Work task: The answer should be the records below, word for word, with every image left out.
═════ Exercise input ═════
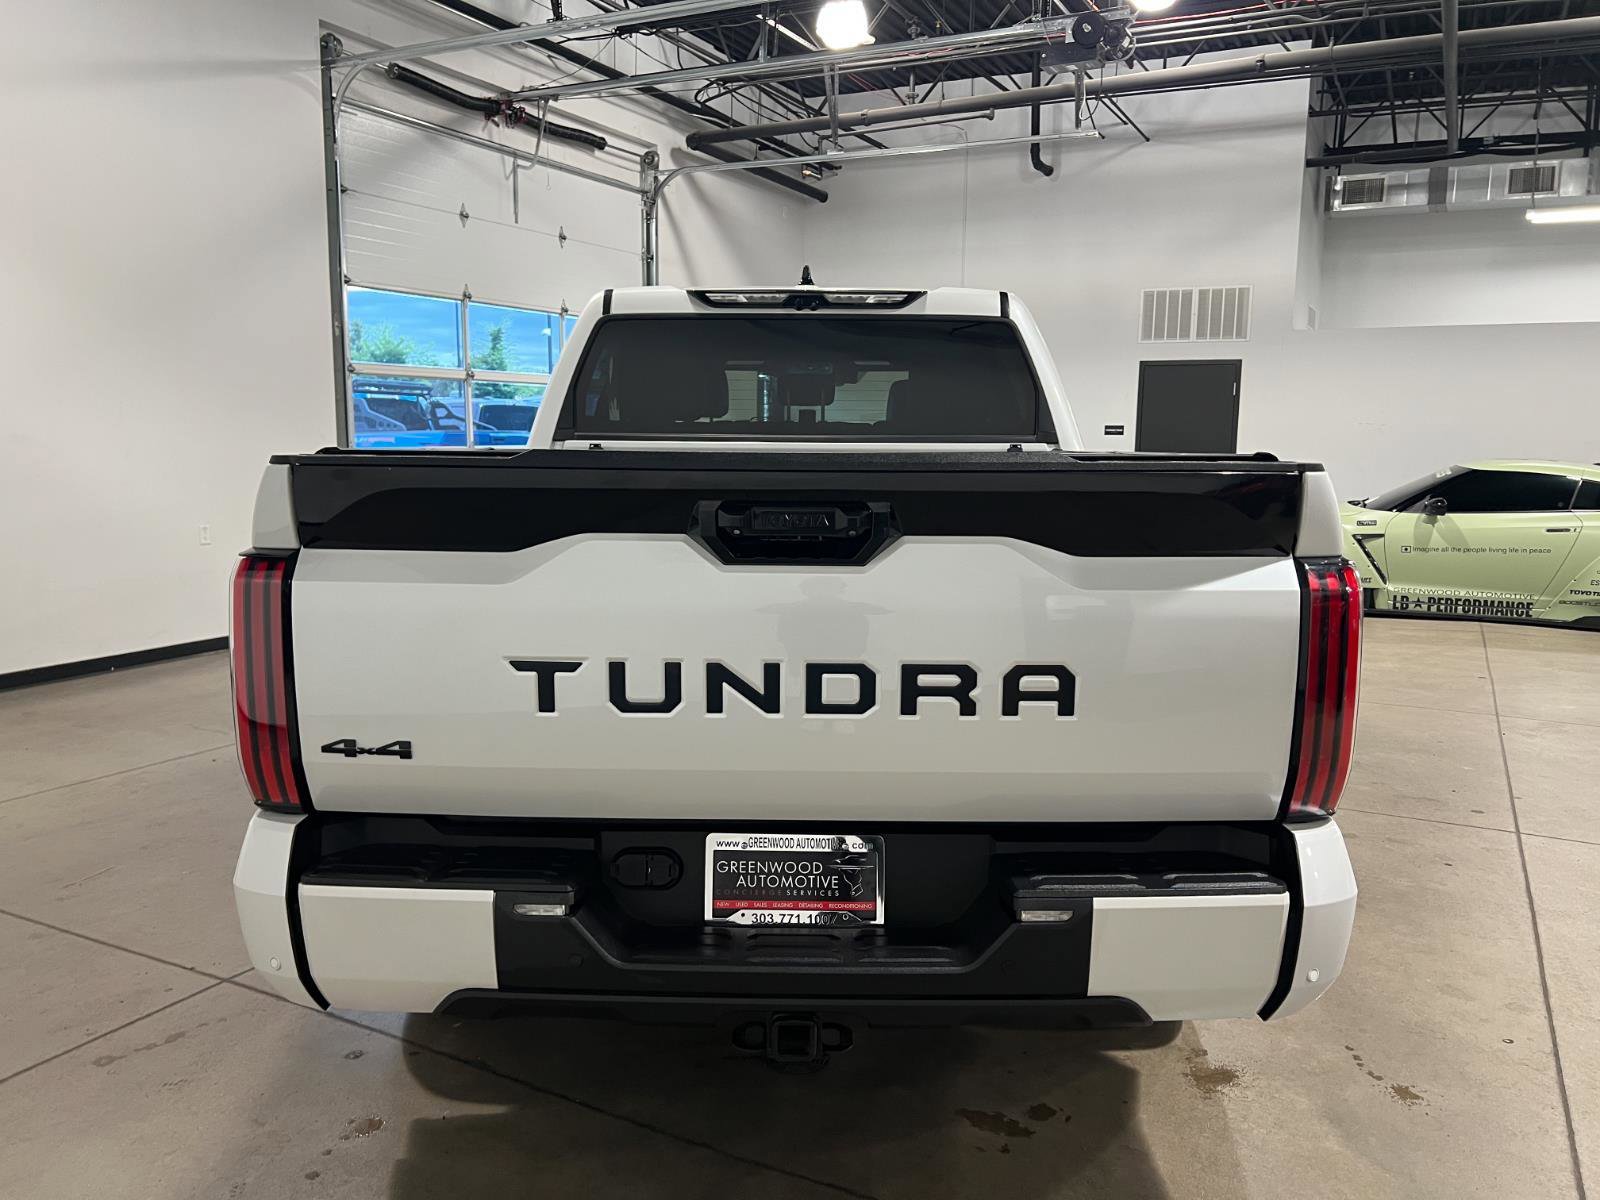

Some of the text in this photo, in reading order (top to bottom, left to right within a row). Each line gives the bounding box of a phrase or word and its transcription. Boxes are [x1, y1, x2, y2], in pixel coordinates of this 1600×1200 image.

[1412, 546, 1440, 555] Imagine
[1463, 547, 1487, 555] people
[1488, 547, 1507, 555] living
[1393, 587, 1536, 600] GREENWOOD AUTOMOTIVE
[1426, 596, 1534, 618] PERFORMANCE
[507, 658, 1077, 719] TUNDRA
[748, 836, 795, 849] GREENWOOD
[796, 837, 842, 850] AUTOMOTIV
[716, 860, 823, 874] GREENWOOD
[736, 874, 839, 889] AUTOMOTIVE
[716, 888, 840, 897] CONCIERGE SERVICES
═════
Answer box:
Some of the text in this photo, in reading order (top to bottom, left to right within a row). Each line gives the bounding box of a phrase or word and its transcription. Boxes are [x1, y1, x2, y2], in pixel coordinates of this 1600×1200 image.

[1412, 546, 1440, 555] Imagine
[1463, 547, 1487, 555] people
[1488, 547, 1507, 555] living
[1393, 587, 1536, 600] GREENWOOD AUTOMOTIVE
[1426, 596, 1534, 618] PERFORMANCE
[507, 658, 1077, 719] TUNDRA
[748, 836, 795, 849] GREENWOOD
[796, 837, 842, 850] AUTOMOTIV
[716, 860, 823, 874] GREENWOOD
[736, 874, 839, 889] AUTOMOTIVE
[716, 888, 840, 897] CONCIERGE SERVICES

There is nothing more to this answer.